Ela observou a mãe sorver um gole de chá, sem nenhuma tentativa de esconder o sorriso de triunfo que enrugou os cantos da boca. Violet mal passara cinco minutos na casa da mãe e já estava desesperada para ir embora.

-- Finalmente você resolveu dar atenção a sua mãe.

-- Você parecia ocupada o suficiente para mim -- ela franziu o cenho. -- E eu tinha... Compromissos.

-- Depois da morte do seu pai a nossa família não foi mais a mesma -- Margareth Lavinsk lamentou. -- Sinto tanta falta dele! Também sinto a sua falta, meu bem.

A modelo se levantou do banquinho da ilha da cozinha, irritada.

-- Não seja hipócrita, mãe! A nossa família acabou em Illéa! Você não se importava com o meu pai, apenas com o dinheiro dele!

Margareth também se levantou, apontando um dedo para a filha.

-- Não ouse falar sobre a minha fidelidade ao seu pai. -- E então ela sorriu. -- Mas filho de tubarão também sabe morder. -- Enrolou uma mecha do cabelo loiro de Violet. -- Refresque a minha memória, meu amor, sobre quem se casou com Kota Singer para conseguir fortuna e título.

-- Eu o amo.

-- Continue repetindo isso até acreditar -- a mãe cantarolou.

-- É a verdade.

Violet sentiu a mãe, agora atrás dela, sorrir contra sua nuca.

--E será que ele a ama? Onde ele está agora?

Violet não respondeu. Kota a amava? Ela achava, desejava, esperava que sim. Mas se amava... Por que ele não estava ali com ela? Por que não a escolheu, em vez de Amélia? Em breve ele estaria lá fora, arriscando a vida para trazer a princesa para casa, embora não precisasse. Isso... Isso era amor. Violet sentiu os olhos se encherem com as lágrimas, mas ela engoliu o choro.

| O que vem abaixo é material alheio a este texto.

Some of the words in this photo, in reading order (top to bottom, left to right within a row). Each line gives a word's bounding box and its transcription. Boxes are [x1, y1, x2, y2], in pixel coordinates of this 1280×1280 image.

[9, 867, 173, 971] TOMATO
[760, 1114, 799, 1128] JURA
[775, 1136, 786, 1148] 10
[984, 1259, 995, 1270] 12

-- Kota não é meu guarda-costas para me seguir em qualquer lugar que eu vá. -- E então, para alfinetar a mãe e recuperar um pouco da própria postura, acrescentou: -- Além disso, ele pensa que você é uma megera.

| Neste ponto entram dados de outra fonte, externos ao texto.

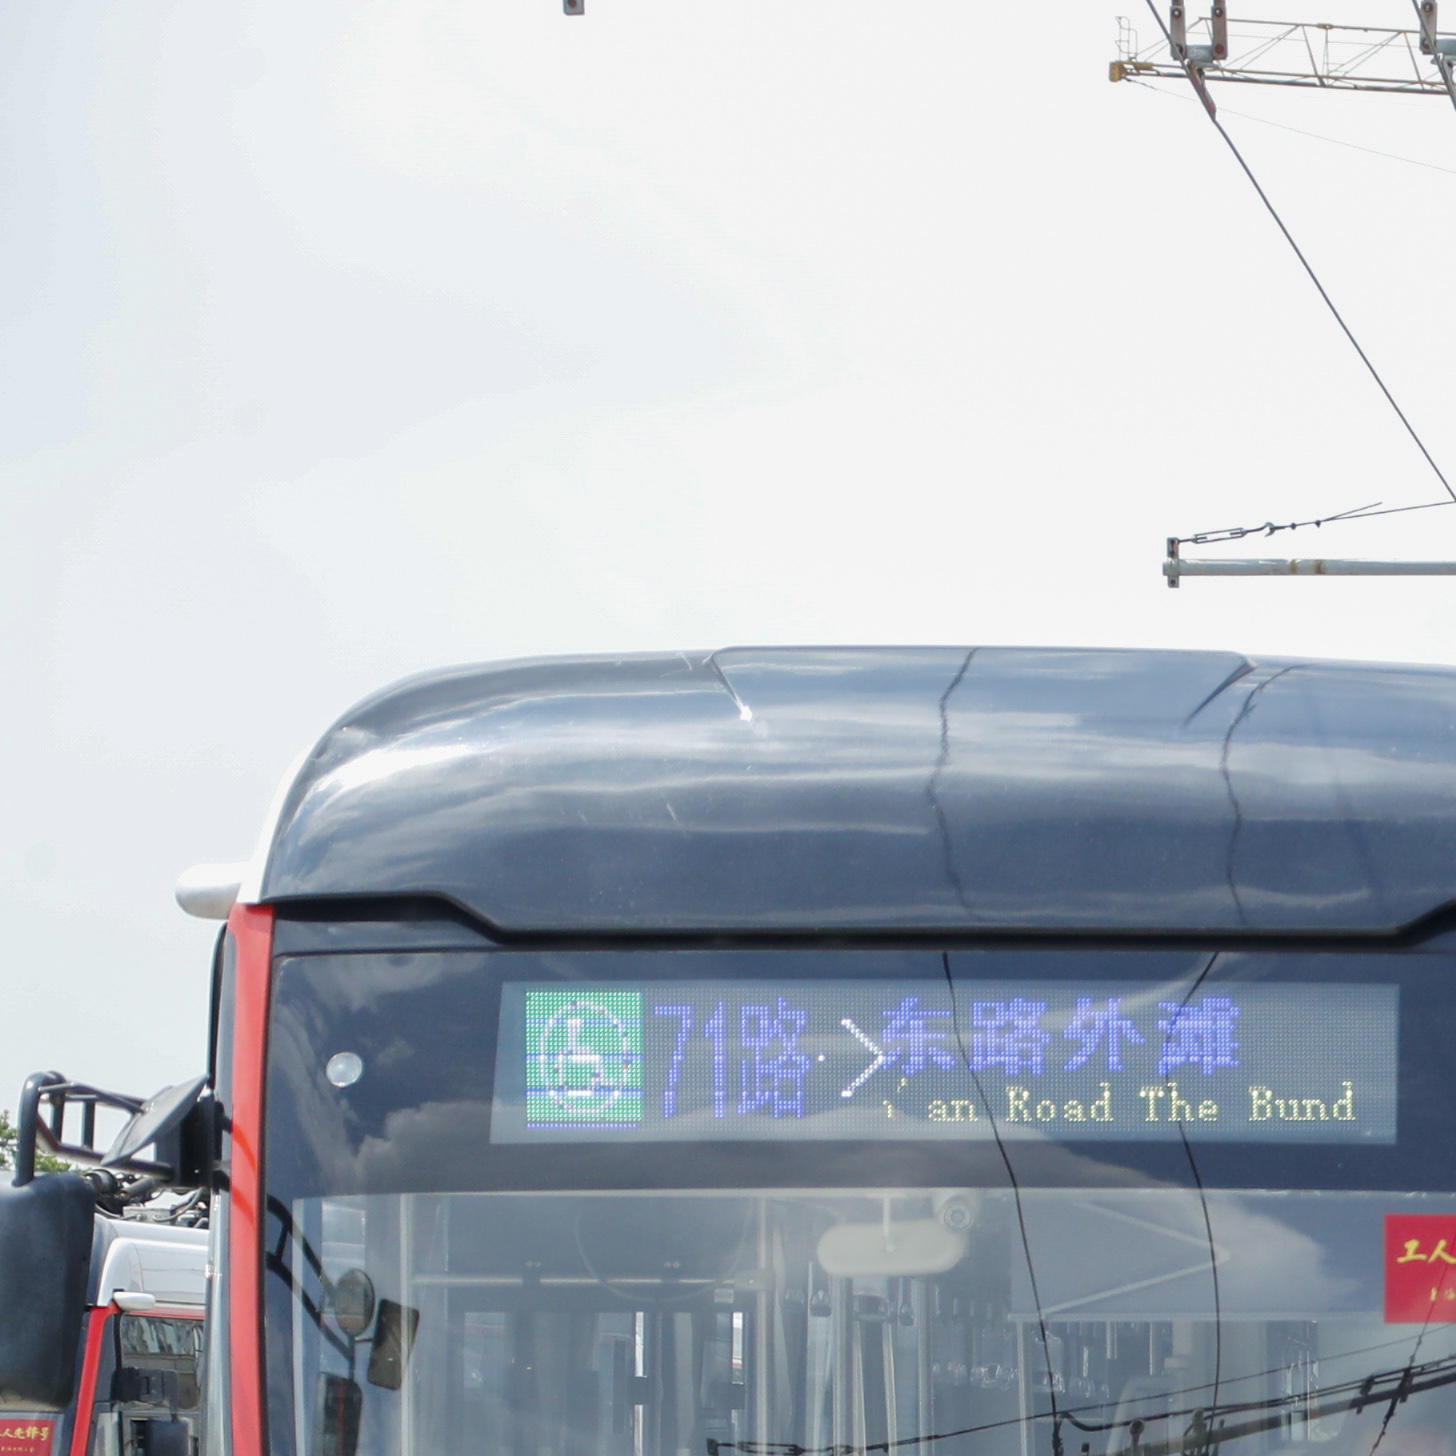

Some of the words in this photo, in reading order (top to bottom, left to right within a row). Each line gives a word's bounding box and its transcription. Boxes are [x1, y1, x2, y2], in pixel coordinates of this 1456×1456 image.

[653, 996, 812, 1119] 71路
[1005, 1082, 1115, 1122] Road
[1140, 1082, 1218, 1122] The
[1248, 1081, 1357, 1122] Bund

Margareth rangeu os dentes, voltando a olhar para o rosto de Violet.

-- Você vai precisar de mim hoje à noite, Violet. Não me tente a acabar com a sua imagem de tal forma que você nunca mais veja os ladrilhos do bairro nobre.

Violet sorriu amarelo.

-- Ah! Foi por isso que vim, mãe. Para falar que eu não preciso de você. E que não vou ao Palácio. Kota e eu participaremos do Festival da Estrela.
A mãe de Violet gargalhou.

-- Isso é ridículo! Você é ridícula, minha filha. Se misturar à plebe? Não permitirei que estrague o nome da família com essas... Atitudes.

-- Os Monteroza estão mortos, mãe. --Sussurrou. -- A família morreu no mar. Somos Lavinsk agora. Nós somos ninguém.

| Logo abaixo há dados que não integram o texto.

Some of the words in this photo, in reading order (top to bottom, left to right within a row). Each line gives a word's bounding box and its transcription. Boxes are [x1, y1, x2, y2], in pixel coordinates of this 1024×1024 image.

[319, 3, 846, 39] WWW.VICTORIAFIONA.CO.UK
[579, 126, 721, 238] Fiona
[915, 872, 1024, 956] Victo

Violet não obteve resposta. A mãe a olhava como se ela fosse louca, e Violet sentiu que essa era a deixa para ir embora. Provavelmente a conversa toda não durou dez minutos, mas ela estava se sentindo sufocada. Quando estava descendo os degraus da entrada, a voz chegou aos seus ouvidos:

-- O amor é fraqueza, Violet, e ele está te atingindo. Em tempos como o que estamos vivendo, essa fraqueza pode te destruir.

A garota foi embora como se uma sombra a perseguisse.

***

-- Ela é louca -- murmurou para o nada.

O rádio do carro estava sintonizado em uma estação qualquer, a música agitada que Violet não entendia. Ela tirou uma mão do volante e a levou para o cabelo, puxando um pouco os fios.